Se não houver mudança de última hora, as metas fiscais deste e do próximo ano deverão ficar mesmo em R$ 159 bilhões negativos. Podem ser fixadas um pouco acima de R$ 159 bilhões, mas abaixo de R$ 160 bilhões, para efeito de propaganda.
Essa era a posição que o presidente Michel Temer sinalizava bancar até ontem, mas haverá mais uma reunião hoje para acertar detalhes. Se confirmadas as novas metas, será uma elevação de R$ 50 bilhões em relação às previsões para 2017 e 2018.
Os números atuais são de um deficit de R$ 139 bilhões neste ano e de R$ 129 bilhões no próximo, somando R$ 268 bilhões. Agora, a conta deverá ser elevada para R$ 318 bilhões e uns quebrados. Essa revisão corresponde a um erro de previsão de quase 20% em relação às metas previstas. É um erro de cálculo significativo ao estimar receitas e despesas.
Como o Congresso se recusa a aumentar impostos, sobretudo das fatias mais ricas do funcionalismo público e da iniciativa privada, a conta cairá mais pesadamente sobre os ombros dos mais pobres, porque a dívida pública crescerá ainda mais. Isso sempre cobra um preço mais alto dos mais pobres, porque significa orçamentos ainda mais apertados, inclusive para a área social.
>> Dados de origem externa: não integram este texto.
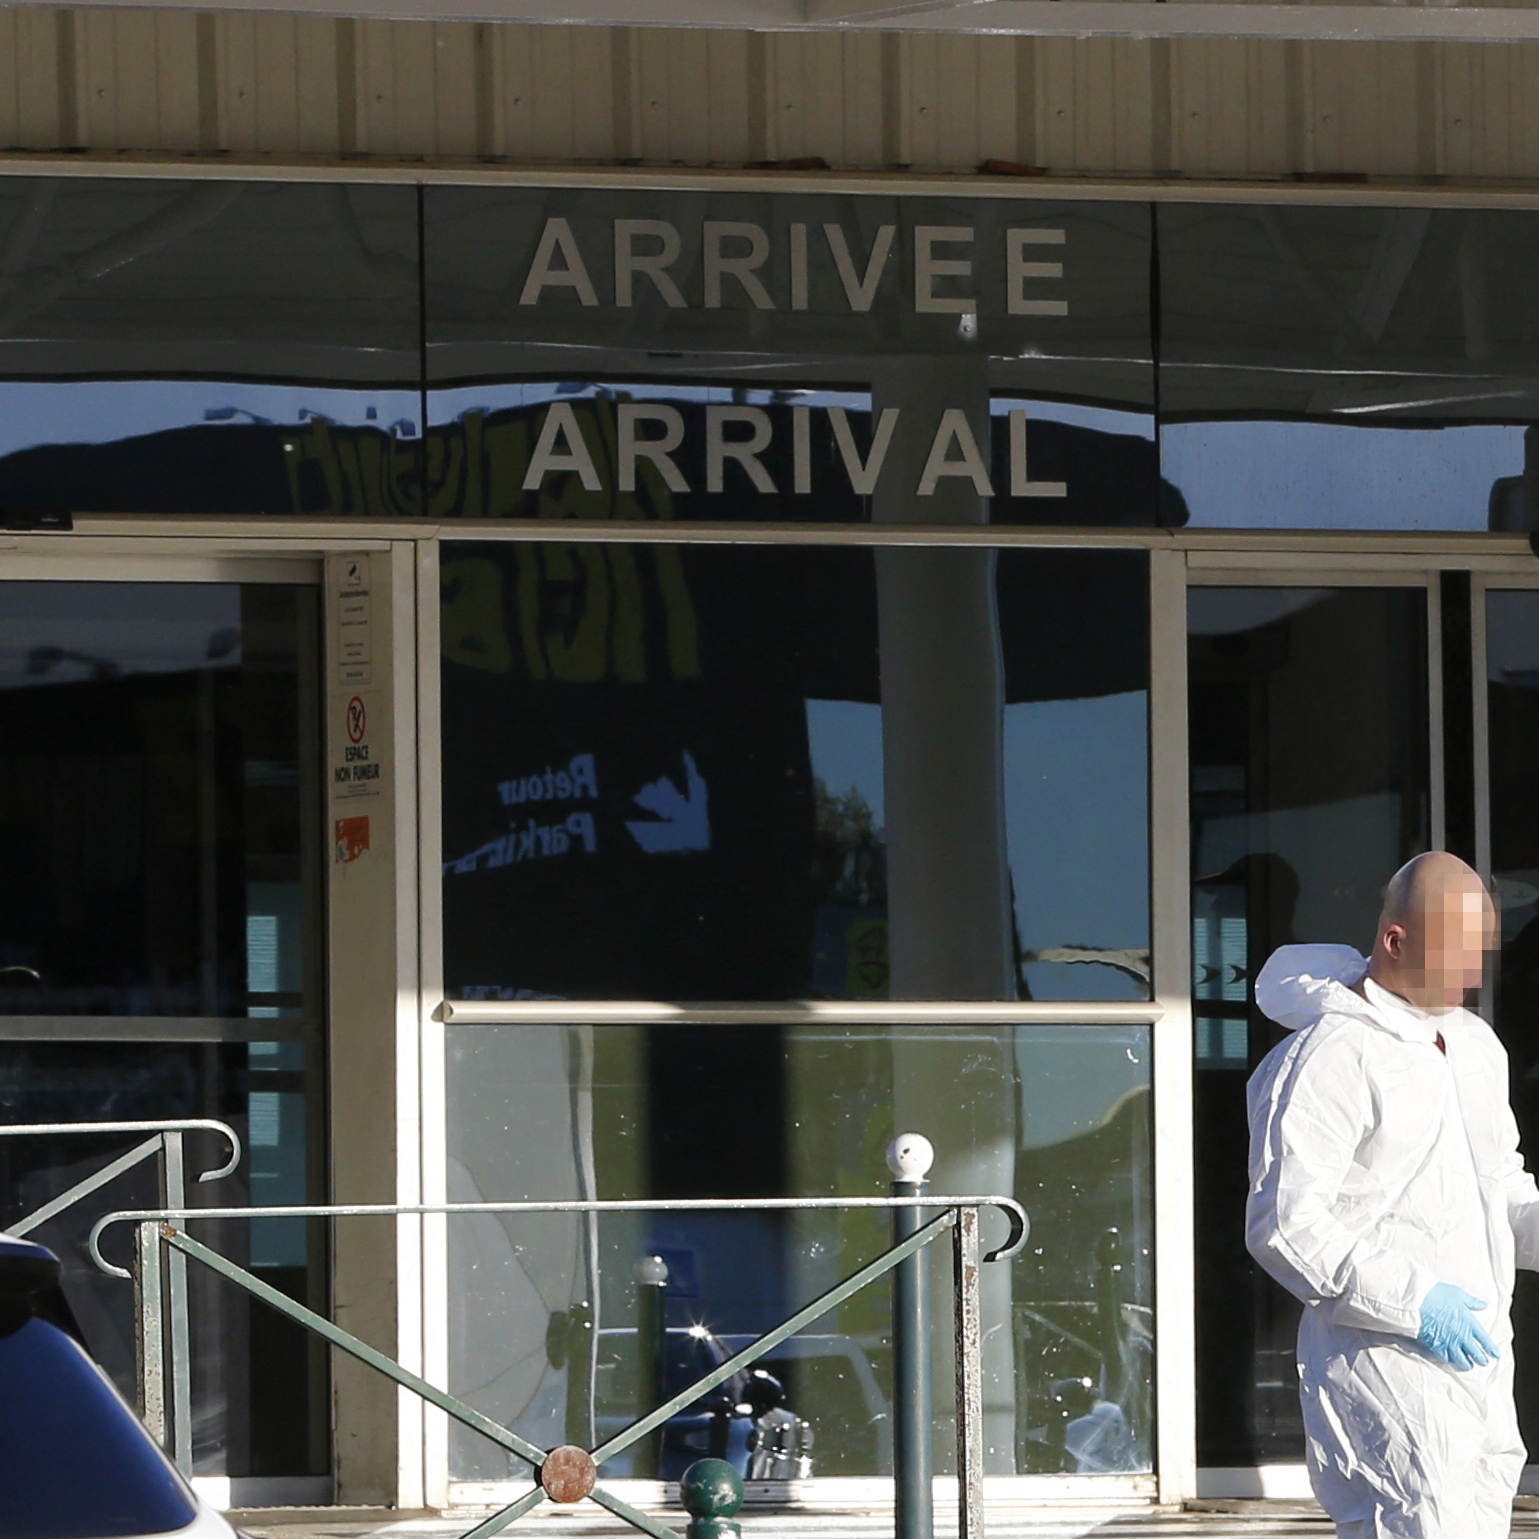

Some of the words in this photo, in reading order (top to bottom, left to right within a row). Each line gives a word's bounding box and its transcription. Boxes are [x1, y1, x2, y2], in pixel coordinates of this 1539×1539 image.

O ministro da Fazenda, Henrique Meirelles, defendeu no fim de semana um número menor de rombo para o ano que vem, mas ouviu críticas do Planejamento e da área política de que seria uma decisão irrealista. Aliás, o time político queria fixar um rombo ainda maior, porque crê que essas novas metas talvez não sejam atingidas.
Maquiagem fiscal
Há um arranhão na credibilidade da atual equipe econômica. Na prática, ela está adotando uma medida que criticou duramente no governo Dilma. O ministro da Fazenda, Henrique Meirelles, assumiu dizendo que o novo time econômico trabalharia com metas realistas. Está havendo uma maquiagem fiscal semelhante às que ocorreram no governo Dilma.